What is needed - Nothing but the lines from the one containing "this 2348×1568 image." through the last line of the material should appear in the answer, transcribed exactly, pictures excluded.

Material provided -

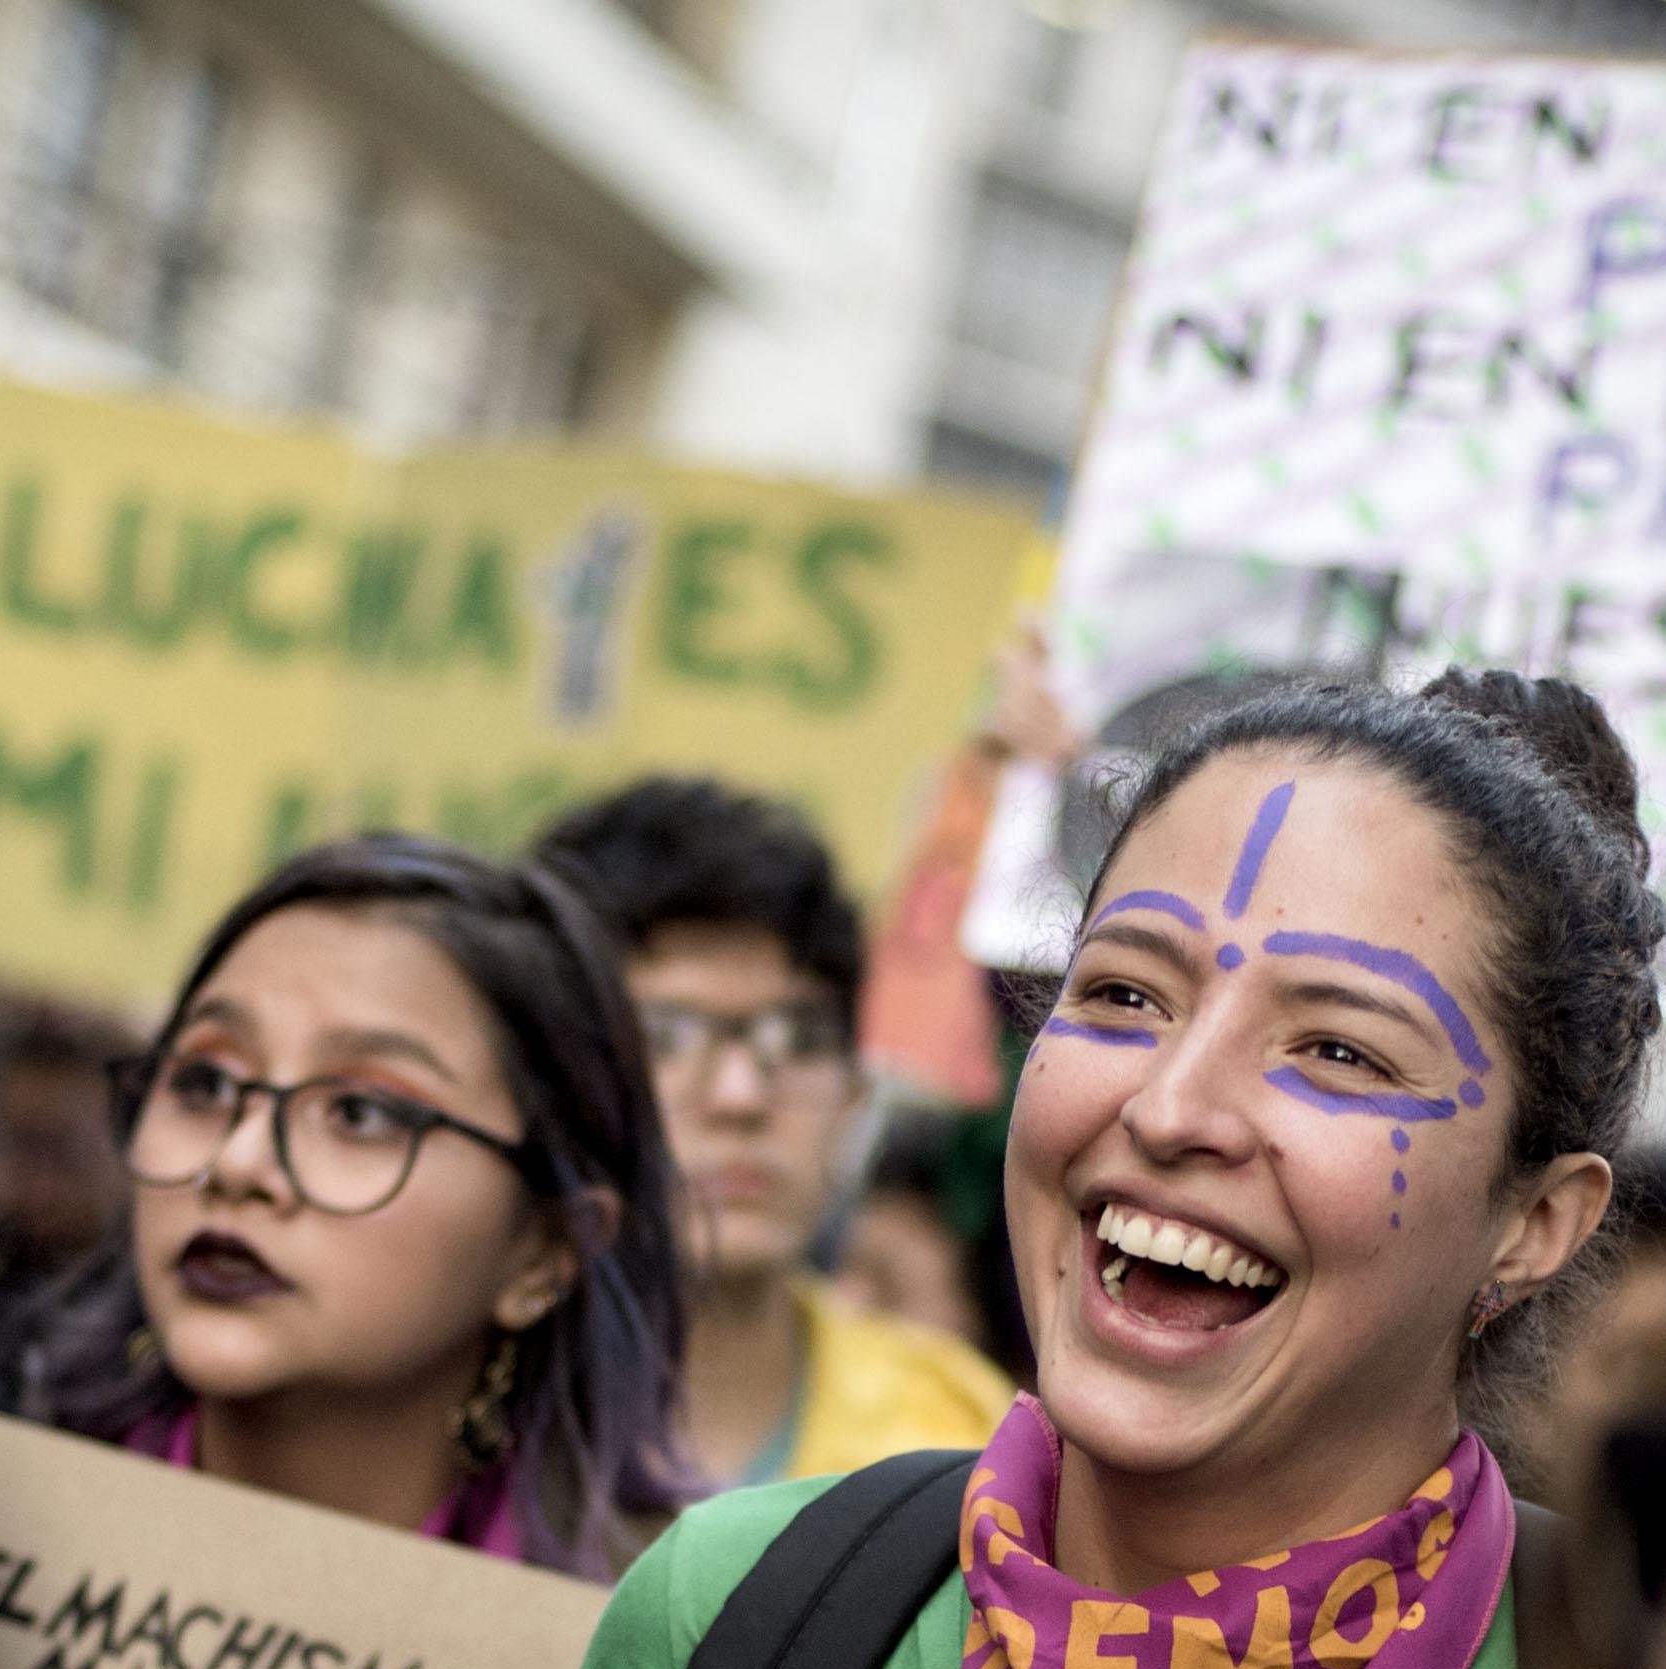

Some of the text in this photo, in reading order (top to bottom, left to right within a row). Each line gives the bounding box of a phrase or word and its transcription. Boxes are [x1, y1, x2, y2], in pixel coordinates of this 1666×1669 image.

[1199, 74, 1353, 175] NI
[1421, 90, 1615, 178] EN
[1149, 308, 1327, 388] NI
[1383, 312, 1595, 420] EN
[651, 512, 897, 714] ES
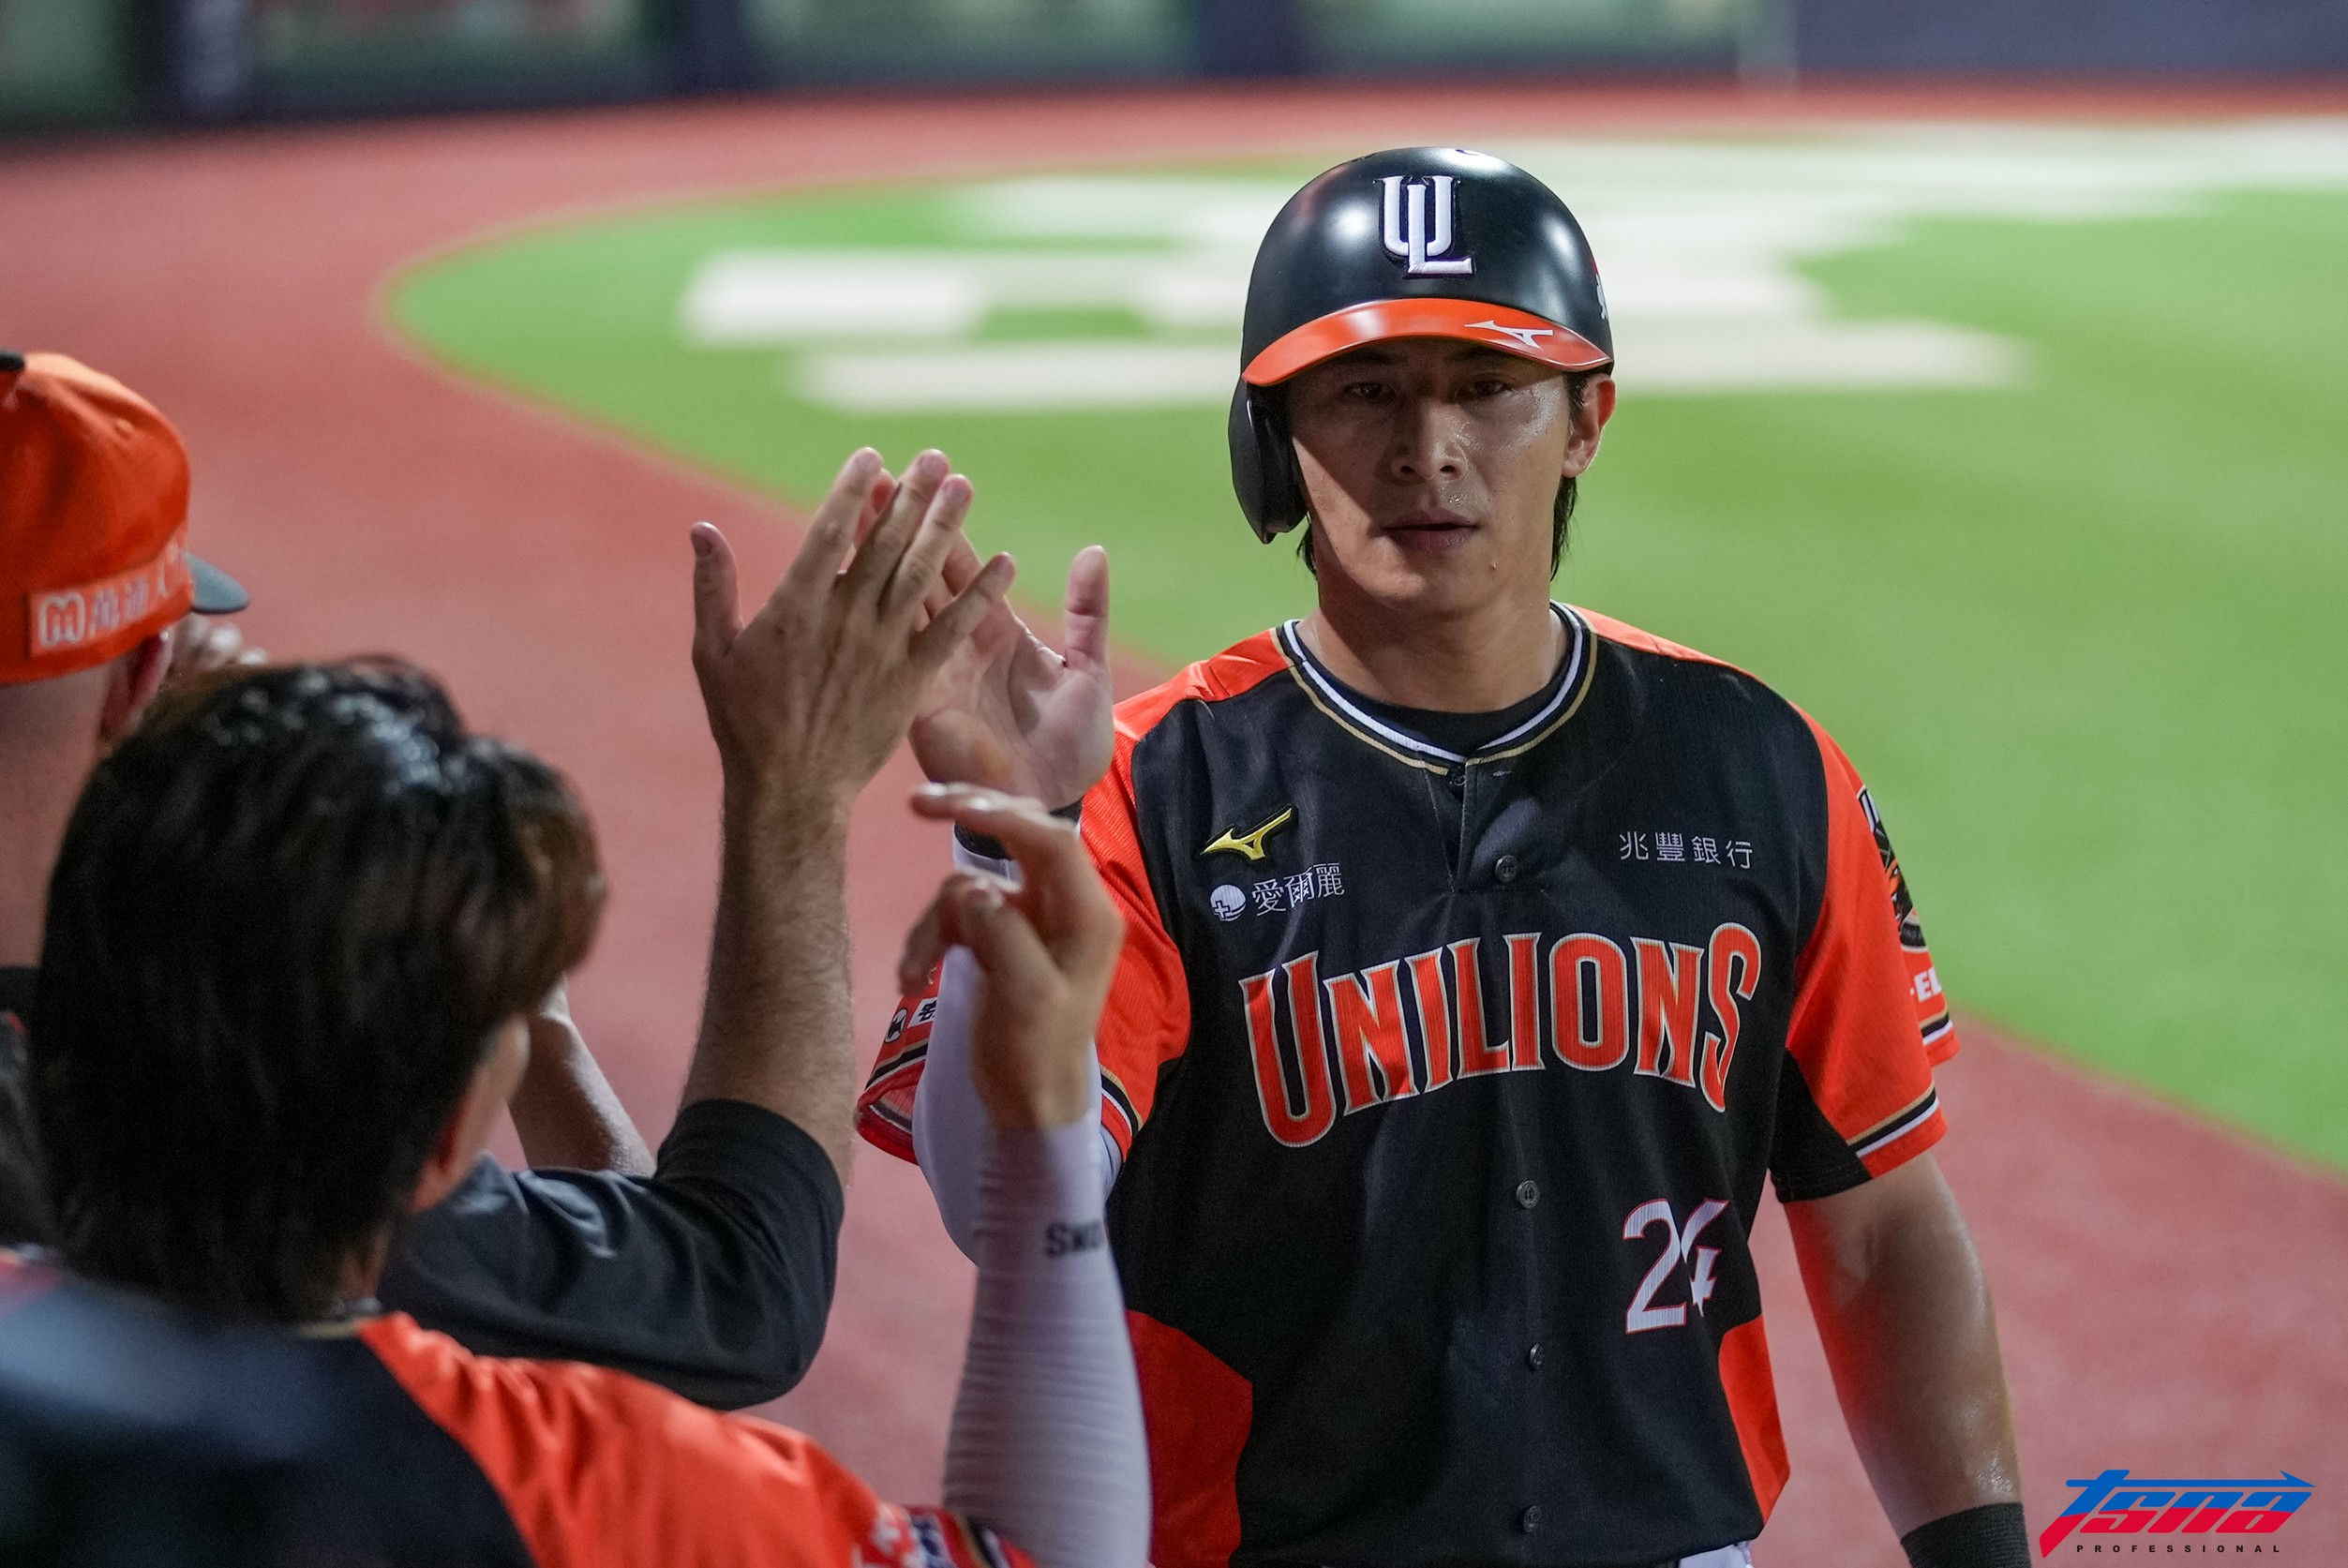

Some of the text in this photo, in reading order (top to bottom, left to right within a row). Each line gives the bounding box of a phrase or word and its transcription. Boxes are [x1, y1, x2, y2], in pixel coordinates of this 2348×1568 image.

[1620, 830, 1753, 870] 兆豐銀行
[1251, 862, 1345, 917] 愛爾麗
[1238, 922, 1761, 1148] UNILIONS
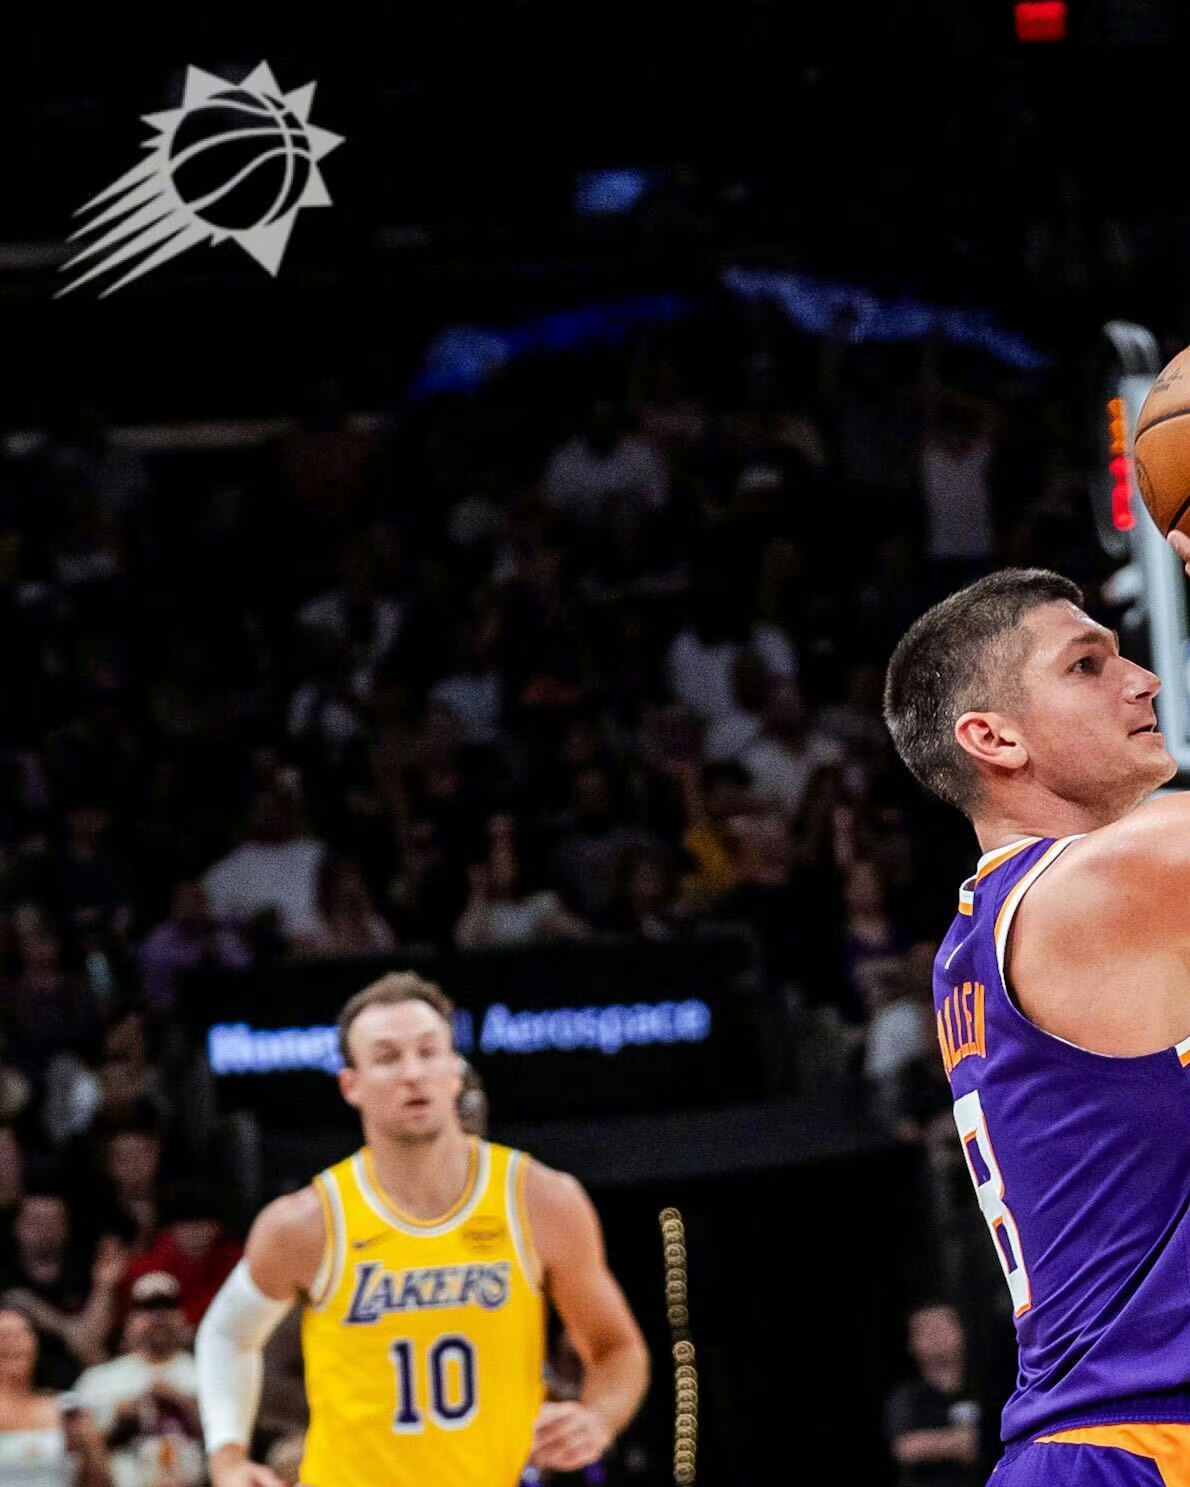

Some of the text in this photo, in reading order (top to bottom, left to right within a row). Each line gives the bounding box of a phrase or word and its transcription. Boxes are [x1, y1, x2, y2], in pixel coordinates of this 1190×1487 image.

Solution for this task -
Some of the text in this photo, in reading order (top to bottom, left to right within a row). Each line gives the bounding box of a phrase or word and its transcription. Boxes are [x1, y1, x2, y2], in pixel coordinates of this 2348×1568 image.

[1620, 830, 1753, 870] 兆豐銀行
[1251, 862, 1345, 917] 愛爾麗
[1238, 922, 1761, 1148] UNILIONS

Some of the text in this photo, in reading order (top to bottom, left to right within a row). Each line gives the bounding box of a phrase or word and its transcription. Boxes are [x1, y1, x2, y2], in pixel coordinates of this 1190×1487 image.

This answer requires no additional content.